Putting all this into practice is challenging. For women with long‐standing mental disorders, such as schizophrenia or bipolar disorder, the ideal time to discuss options is pre‐conception. For women in the childbearing years, caution should be exercised with some agents, such as valproate. In many jurisdictions, there are now limitations on prescription of valproate to women, due to the risks to fetal well‐being and the high rate of unplanned pregnancies. Changing a woman from medications contraindicated in pregnancy should be well in advance of trying to conceive.
For those women on medications such as lithium, lamotrigine or antipsychotics, ensuring effective treatment leading into a pregnancy is recommended, as well as consideration of areas such as folate supplementation, assessing vitamin D levels and a focus on overall general health. While it may not be advisable to change a medication, it is possible to minimize harmful impacts through careful monitoring and dose adjustment, since both hepatic metabolism and renal clearance accelerate in later pregnancy.

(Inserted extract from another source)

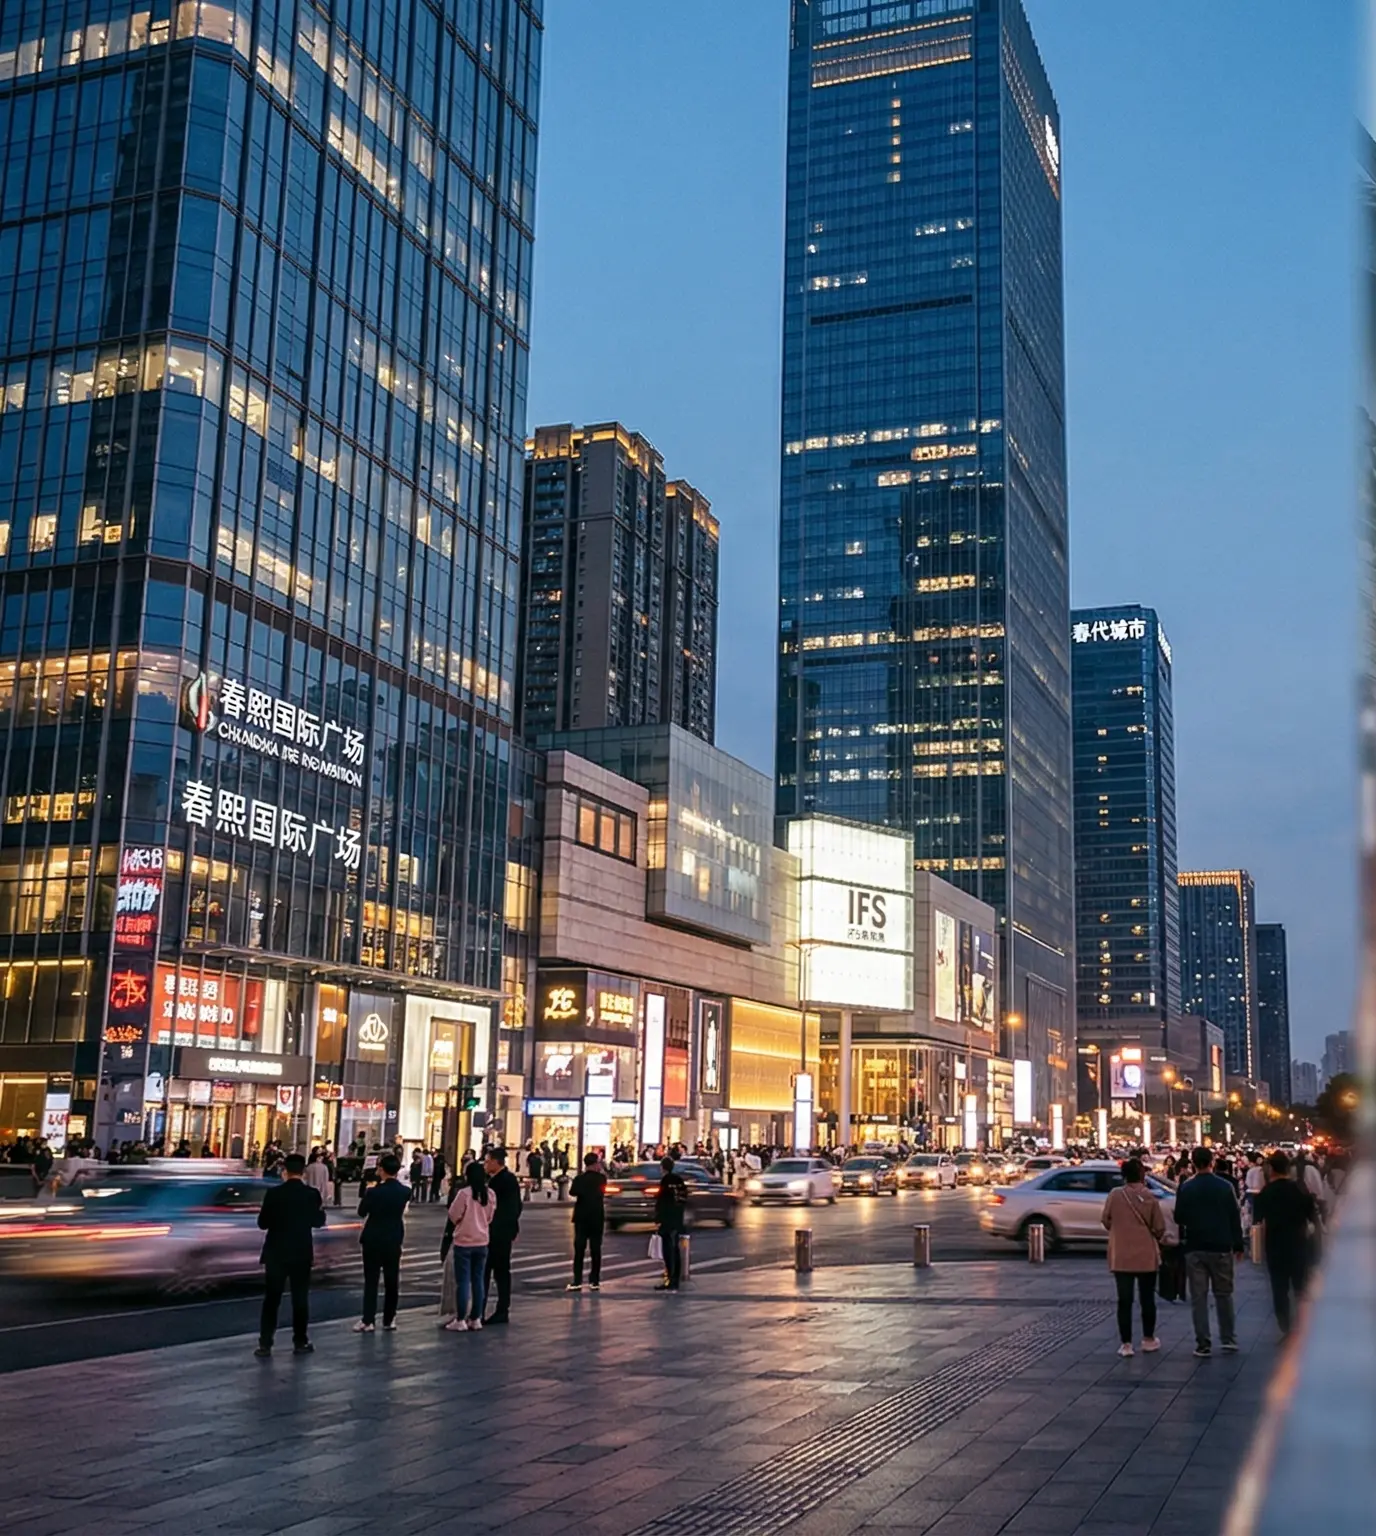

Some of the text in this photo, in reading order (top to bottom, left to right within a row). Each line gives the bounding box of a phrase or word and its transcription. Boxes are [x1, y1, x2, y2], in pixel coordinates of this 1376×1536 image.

[219, 678, 365, 766] 春熙国际广场
[181, 779, 362, 869] 春熙国际广场
[848, 889, 887, 929] IFS
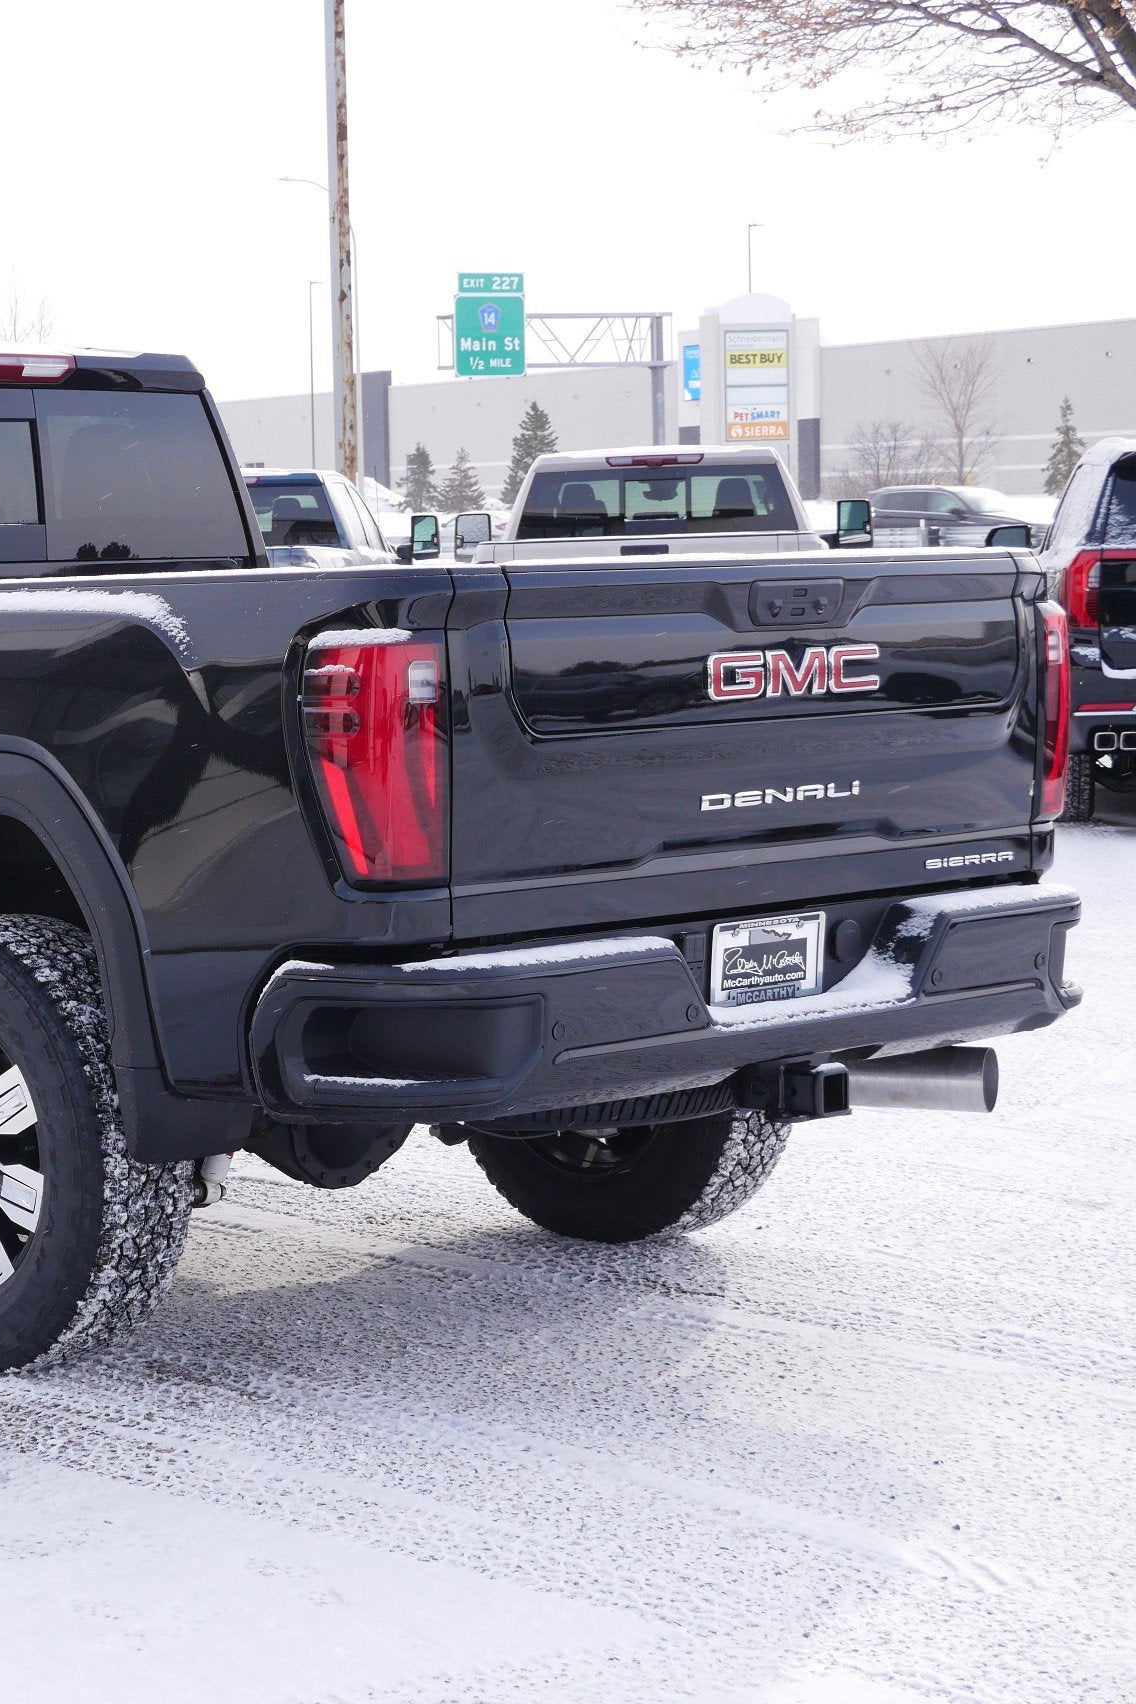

There are clinical aids that can be adapted to support this within services 6 . An example of monitoring and dose adjustment is with lithium: this includes ensuring early screening for risk of a cardiac malformation, then careful and close blood monitoring of levels throughout third trimester, prior to delivery and into the postpartum 7 . For antipsychotics, especially those with metabolic risks, another example is early screening for gestational diabetes at 16‐18 weeks, rather than waiting until the usual routine screening at 28 weeks, to detect and manage any emerging diabetes early and prevent harm from prolonged hyperglycaemia to the woman and the baby 8 .
For some women taking antidepressants, there is a concern that their baby may be born addicted and this comes from the misunderstanding of poor neonatal adaptation symptoms associated with antidepressants in pregnancy. Explaining that this may be neither a withdrawal or toxicity response, is likely self‐limiting and mostly mild is important to place this in context of managing mental health 9 .
The choice between uncertain options is not easy for women or for treating clinicians. Any change in the foreseeable future will require a concerted effort by clinicians, researchers, funders and women, to shift the current research agenda and ensure there is investment in studies able to provide clarity for risks and benefits from psychopharmacological treatments during pregnancy. Ultimately, it will be this investment, together with delivery of person‐centred care, that will support the evolution of truly informed decision making for mental health treatments, including pharmacological ones, in pregnant women.